Arising from the discussion following the briefing on Children’s Social Care:
· it was explained that assessments of children in need or identified to be at risk of harm was statutory and once assessed support would be escalated as required to avoid them coming to harm;
· it was explained that whilst the Family Safeguarding Model did mean that the issues being dealt with would evolve, it was not intended for long term intervention as cases were kept under review to identify whether the new issues met the threshold for intervention, whether the proposed solutions were working or whether cases needed to be escalated;
· the Family Safeguarding Model had given the service a very different way of working and families advise they feel more in control in the solutions through the family’s maintenance plan;
· it was acknowledged that though the model would not work for everyone, there had been sustained change towards a reduction in re-referrals so there was reason to be optimistic;
· further resources had been added as the volume of referrals had increased and become more complex;
· schools had remained open for vulnerable children and were in close contact with any not attending as well as police responding to issues so referrals had continued throughout the pandemic and no spike was anticipated;
· there was still an appetite to join the ‘What Works Centre’ in which social workers were located in a school environment and it was anticipated that this was the direction of travel for the service including both schools and family hubs;
· no additional funding was available from central government for the next phase of the family safeguarding model but the 45% reduction in referrals had enabled cost avoidance which would help fund the third phase.
· it was explained that at the beginning of care procedures a family group conference was held to identify who could offer support either implementing the proposed solutions or providing short term care.
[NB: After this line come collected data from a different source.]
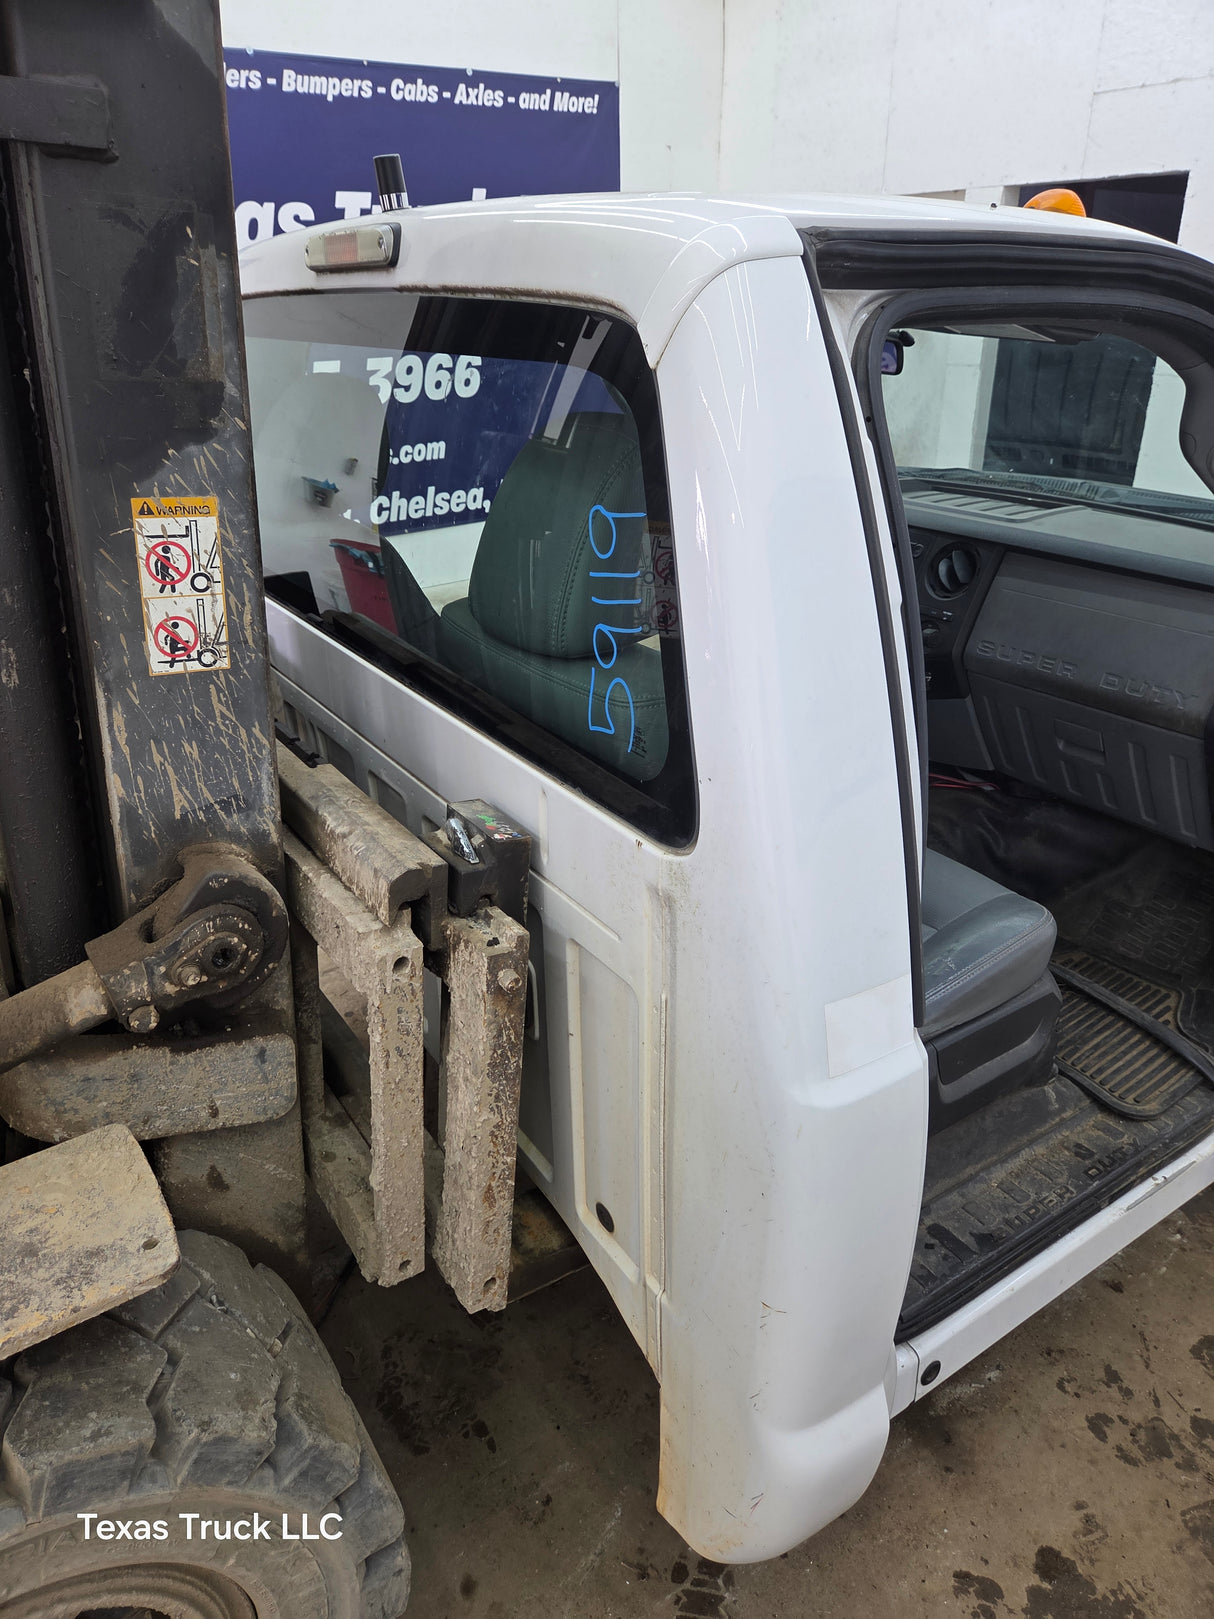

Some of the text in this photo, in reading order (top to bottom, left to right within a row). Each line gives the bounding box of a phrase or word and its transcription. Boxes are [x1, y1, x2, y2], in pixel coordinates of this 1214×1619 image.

[223, 62, 262, 90] ers
[281, 69, 373, 103] Bumpers
[390, 78, 439, 103] Cabs
[453, 83, 504, 108] Axles
[518, 88, 552, 112] and
[553, 91, 600, 115] More!
[366, 353, 483, 404] 3966
[389, 440, 446, 465] .com
[156, 504, 211, 516] WARNING
[369, 486, 491, 525] Chelsea,
[976, 638, 1199, 711] SUPER DUTY
Currently there were 19 children who were cared for by kinship and connected persons. It was agreed that family solutions were sought before foster care was explored; and
· the next phase of the family safeguarding model was identifying when adolescents within a supported family were beginning to show early indications themselves of the problem such as alcoholism or drug-use. This would allow early intervention and support would be provided for both the parent and the child. This was described as the ‘right help, right time’ approach.
The Chair thanked both Interim Directors for attending the meeting and providing information to the Commission on this expenditure and how value for money was provided.